My follow-up consultation with my RE yesterday was packed full of good information and even a surprise. So first the surprise: we have one frozen blast left over from my last cycle! Sure I’m ignoring the fact that it’s been a month since my egg retrieval and fresh transfer and no one mentioned to me until yesterday that I have a frostie. Seriously, why did the nurse not call me with that update?! Anyway, I’m going to ignore that slip up and focus on the fact that I have a surprise bonus embryo that I wasn’t counting on. Of course it’s not tested and it’s an early blast graded “BC,” which isn’t the prettiest embryo but still has a 90% chance of surviving the thaw. I asked if BC embryos still make babies and my RE said, “yes”. In fact, just for fun, he looked back to my cycle 4 years ago – the one that resulted in the birth of my daughter – and we discovered that she was also an early blast graded BC. Maybe my crappy looking embryos fair better than my high quality ones. Okay, I’m grasping at straws here. I was 36 back then and I’m 40 now, so the chance that this little BC is healthy is lower. But still – it’s a chance.
My RE recommended using what we have and doing a frozen embryo transfer (FET). Using what we have includes a little frozen PGS “abnormal” girl too. Yes, you heard that right. My RE is recommending that I transfer a PGS abnormal embryo. But first a few points to clarify. We did not do Next Generation Sequencing (NGS) so the results are either normal or abnormal – all mosaics are labeled as abnormal. Knowing what I know now, I would have tested using NGS so that the results would have specified whether the embryo was mosaic and the percentage of mosaicism. But I digress. In any event, I have a lot of respect for my RE (and his knowledge base) because he isn’t quick to dismiss all abnormal embryos. He took a close look at the details of the results and saw that this particular “abnormal” embryo only has a tiny segment of duplication on the short arm of chromosome 17. He said that a small percentage of the population may be walking around with similar minor abnormalities and no one knows it because we never tested for that sort of thing before. This particular partial duplication will not lead to the birth of a child with an abnormality. Maybe my embryo will even have a superpower. Okay, that’s probably not true but I’d like to think so. The embryo may not implant or might be an early miscarriage (no different than what happens with so many pregnancies both IVF and unassisted) or the embryo could develop into a healthy baby. Both of these embryos are long shots simply due to my age-related quality issues, but it’s a chance. So the plan is to transfer both for my upcoming FET.
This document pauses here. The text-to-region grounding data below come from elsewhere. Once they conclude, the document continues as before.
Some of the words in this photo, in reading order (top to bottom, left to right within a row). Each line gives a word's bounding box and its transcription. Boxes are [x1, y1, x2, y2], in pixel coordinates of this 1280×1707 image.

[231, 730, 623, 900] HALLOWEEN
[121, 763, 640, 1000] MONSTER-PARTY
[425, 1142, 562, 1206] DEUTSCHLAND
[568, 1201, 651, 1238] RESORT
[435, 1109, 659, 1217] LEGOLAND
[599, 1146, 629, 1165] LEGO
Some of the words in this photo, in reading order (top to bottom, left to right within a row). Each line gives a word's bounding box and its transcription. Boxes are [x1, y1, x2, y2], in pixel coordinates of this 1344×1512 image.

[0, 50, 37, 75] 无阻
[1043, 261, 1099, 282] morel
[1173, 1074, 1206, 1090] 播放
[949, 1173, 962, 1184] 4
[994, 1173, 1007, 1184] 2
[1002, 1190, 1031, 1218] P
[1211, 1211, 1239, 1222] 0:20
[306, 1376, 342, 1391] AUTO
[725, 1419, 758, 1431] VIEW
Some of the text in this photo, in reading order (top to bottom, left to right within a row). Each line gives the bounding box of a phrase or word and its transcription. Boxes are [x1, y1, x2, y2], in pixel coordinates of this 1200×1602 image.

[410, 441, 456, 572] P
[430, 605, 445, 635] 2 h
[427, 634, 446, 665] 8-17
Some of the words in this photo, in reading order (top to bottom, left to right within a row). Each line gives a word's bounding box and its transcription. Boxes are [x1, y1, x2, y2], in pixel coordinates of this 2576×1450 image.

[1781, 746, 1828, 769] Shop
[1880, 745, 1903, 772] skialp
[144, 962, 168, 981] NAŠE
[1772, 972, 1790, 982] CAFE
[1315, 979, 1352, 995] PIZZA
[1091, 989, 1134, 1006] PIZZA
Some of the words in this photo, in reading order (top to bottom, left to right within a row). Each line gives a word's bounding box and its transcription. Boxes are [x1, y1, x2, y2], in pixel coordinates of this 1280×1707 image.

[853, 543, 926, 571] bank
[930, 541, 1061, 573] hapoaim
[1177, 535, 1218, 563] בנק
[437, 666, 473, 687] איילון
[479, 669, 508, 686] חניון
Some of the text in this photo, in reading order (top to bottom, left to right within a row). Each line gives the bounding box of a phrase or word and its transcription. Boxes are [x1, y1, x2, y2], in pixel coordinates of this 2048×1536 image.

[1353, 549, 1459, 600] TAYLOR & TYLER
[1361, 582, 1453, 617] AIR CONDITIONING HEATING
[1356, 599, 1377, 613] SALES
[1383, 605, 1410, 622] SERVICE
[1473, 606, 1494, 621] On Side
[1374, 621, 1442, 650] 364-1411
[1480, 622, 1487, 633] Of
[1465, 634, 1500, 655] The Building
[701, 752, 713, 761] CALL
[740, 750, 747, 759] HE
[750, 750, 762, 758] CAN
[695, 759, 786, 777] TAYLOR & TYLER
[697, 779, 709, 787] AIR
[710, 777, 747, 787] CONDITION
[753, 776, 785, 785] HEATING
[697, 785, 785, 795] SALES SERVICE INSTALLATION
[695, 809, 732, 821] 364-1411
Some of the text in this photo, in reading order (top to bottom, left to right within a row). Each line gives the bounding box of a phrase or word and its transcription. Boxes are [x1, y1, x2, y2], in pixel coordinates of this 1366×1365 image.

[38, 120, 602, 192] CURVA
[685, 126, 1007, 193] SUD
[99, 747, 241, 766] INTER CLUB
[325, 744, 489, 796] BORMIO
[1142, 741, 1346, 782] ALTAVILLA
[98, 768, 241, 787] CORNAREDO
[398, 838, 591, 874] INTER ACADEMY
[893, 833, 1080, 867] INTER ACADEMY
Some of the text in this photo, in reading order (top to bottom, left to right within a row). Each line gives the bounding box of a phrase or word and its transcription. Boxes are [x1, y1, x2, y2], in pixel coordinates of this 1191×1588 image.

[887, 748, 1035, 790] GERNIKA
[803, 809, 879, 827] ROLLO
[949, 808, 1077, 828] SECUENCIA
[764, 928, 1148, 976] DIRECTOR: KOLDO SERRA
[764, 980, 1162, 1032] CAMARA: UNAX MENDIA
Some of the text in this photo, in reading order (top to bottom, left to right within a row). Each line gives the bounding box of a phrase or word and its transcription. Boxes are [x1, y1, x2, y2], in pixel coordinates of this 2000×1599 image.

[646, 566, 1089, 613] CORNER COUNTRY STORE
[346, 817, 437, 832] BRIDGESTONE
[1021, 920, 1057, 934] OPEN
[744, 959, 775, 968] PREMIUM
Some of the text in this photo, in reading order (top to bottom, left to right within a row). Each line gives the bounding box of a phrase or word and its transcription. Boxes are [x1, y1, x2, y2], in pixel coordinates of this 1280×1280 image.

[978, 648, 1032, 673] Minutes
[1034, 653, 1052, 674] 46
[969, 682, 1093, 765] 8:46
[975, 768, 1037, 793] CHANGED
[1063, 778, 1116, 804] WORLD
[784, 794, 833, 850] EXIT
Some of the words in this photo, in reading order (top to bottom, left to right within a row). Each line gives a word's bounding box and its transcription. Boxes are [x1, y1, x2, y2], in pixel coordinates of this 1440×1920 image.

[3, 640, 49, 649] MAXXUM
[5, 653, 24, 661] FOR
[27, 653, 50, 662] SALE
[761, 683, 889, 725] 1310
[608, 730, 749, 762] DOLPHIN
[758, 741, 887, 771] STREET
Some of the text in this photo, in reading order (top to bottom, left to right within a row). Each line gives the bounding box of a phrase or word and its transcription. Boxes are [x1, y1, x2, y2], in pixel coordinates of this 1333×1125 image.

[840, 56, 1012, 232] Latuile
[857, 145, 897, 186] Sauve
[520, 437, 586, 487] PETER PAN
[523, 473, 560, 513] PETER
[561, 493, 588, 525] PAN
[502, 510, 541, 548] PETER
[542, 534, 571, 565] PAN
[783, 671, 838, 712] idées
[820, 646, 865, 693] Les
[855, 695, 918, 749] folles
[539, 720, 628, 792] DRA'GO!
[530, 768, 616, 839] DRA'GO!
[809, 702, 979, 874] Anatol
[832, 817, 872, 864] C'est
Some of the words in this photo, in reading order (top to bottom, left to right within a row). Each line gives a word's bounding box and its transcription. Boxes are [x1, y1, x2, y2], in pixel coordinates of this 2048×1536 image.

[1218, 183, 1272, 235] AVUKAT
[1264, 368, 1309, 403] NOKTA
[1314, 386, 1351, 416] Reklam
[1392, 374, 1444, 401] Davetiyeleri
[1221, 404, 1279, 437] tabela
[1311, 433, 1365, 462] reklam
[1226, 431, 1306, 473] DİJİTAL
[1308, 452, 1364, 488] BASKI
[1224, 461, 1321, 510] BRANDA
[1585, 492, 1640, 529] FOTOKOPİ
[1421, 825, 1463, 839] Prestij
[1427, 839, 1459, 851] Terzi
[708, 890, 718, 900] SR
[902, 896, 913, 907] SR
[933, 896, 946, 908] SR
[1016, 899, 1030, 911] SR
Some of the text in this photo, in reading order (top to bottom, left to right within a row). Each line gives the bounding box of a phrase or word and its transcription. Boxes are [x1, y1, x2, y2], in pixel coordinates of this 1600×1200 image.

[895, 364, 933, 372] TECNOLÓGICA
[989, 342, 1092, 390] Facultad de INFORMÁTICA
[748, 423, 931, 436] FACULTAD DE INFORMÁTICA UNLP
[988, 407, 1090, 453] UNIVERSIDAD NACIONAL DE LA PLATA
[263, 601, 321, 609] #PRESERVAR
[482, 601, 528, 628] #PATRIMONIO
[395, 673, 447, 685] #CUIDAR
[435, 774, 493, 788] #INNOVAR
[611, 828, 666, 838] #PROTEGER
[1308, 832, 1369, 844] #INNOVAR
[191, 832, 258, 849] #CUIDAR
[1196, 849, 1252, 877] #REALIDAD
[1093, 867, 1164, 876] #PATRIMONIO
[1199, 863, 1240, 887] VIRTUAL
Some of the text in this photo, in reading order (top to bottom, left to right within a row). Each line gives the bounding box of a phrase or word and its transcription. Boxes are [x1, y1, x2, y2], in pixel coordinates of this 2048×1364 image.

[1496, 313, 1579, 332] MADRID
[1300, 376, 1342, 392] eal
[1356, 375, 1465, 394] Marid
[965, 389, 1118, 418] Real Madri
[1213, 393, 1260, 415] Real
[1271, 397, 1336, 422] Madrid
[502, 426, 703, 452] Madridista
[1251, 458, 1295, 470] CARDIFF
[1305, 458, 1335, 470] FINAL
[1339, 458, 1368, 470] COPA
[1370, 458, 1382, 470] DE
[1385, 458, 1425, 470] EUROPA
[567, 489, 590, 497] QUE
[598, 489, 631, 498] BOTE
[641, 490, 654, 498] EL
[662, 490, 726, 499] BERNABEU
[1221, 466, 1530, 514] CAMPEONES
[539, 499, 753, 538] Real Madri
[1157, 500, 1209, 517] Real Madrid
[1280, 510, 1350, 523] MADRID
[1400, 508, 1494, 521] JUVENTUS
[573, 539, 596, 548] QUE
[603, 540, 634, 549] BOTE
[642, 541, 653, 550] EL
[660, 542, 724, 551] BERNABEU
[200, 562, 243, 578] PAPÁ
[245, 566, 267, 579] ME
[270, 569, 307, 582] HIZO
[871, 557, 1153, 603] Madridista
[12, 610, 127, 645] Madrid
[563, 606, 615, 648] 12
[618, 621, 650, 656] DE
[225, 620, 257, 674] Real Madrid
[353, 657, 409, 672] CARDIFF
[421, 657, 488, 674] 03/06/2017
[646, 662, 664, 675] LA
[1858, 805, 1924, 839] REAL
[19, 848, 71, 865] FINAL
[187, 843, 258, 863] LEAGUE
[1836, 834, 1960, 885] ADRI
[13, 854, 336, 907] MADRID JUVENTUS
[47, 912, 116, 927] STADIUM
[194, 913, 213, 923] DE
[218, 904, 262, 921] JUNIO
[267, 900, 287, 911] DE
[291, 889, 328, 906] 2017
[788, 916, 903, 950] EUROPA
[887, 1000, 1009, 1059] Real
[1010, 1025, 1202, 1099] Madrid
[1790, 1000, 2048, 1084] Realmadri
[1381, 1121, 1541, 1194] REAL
Going into this consultation I was prepared for the FET recommendation. I was also prepared to call it quits afterward if the FET fails. Over these last several weeks I’ve come to a place where I’m at peace with not having another child. I never thought I’d say that. And I’ll write specifically about how I shifted to that mindset in a later post. For now though, my RE convinced me to try one more egg retrieval and fresh transfer if this FET ends in another negative beta. My husband and daughter are both strongly rooting for another child, and my husband was also hoping to do one more fresh transfer.
My RE told me about some studies that followed women over the course of up to 12 (gasp) complete IVF egg retrieval and transfer cycles. The studies found that the chance for success increased over the course of 3 cycles, but plateaued after that. Meaning that after 3 complete cycles, the results don’t often change much. It should be noted that multiple FETs with eggs collected during the same retrieval only count once – that is, you can do several FETs and that doesn’t count against the 3 cycle benchmark. Of course there are exceptions to this rule, but when weighing the pros and cons of when I want to stop, I’m not going to keep doing this forever in the hopes of breaking the odds. Taking all of my cycles together and the particulars of my results, my RE said that if it were he and his wife, he would do one more IVF and fresh transfer after the FET. He said if we do that and still it fails, then I can feel confident that I didn’t leave anything on the table. No looking back and wondering. No regrets.
I like the sound of that. It makes sense. I think with the “break” of doing a FET first – since there’s so much less prep work for a FET – I can muster up the strength for one more IVF cycle. I don’t want to look back one day and wonder, “what if”. This plan seems like it will satisfactorily exhaust our options with my eggs. And if the journey ends there, I’m okay with that.
On a side note, I want to mention that I mustered up the courage to ask the scary question I had been avoiding. The “does repeated rounds of IVF cause cancer” question. My RE gave me a confident “no” and explained that the hormones used for this are naturally occurring in the body so the body knows how to process them. It doesn’t cause cancer. When I asked specifically about estrogen-sensitive cancers, he explained that again the answer is that IVF will not cause them. Prolonged estrogen can cause estrogen-sensitive cancers to grow (get bigger) but will not cause them. But he specified that it really does have to be prolonged exposure – the short bursts we use for IVF isn’t considered prolonged even when we do it multiple times. So I’m putting that fear to bed and thankfully moving on.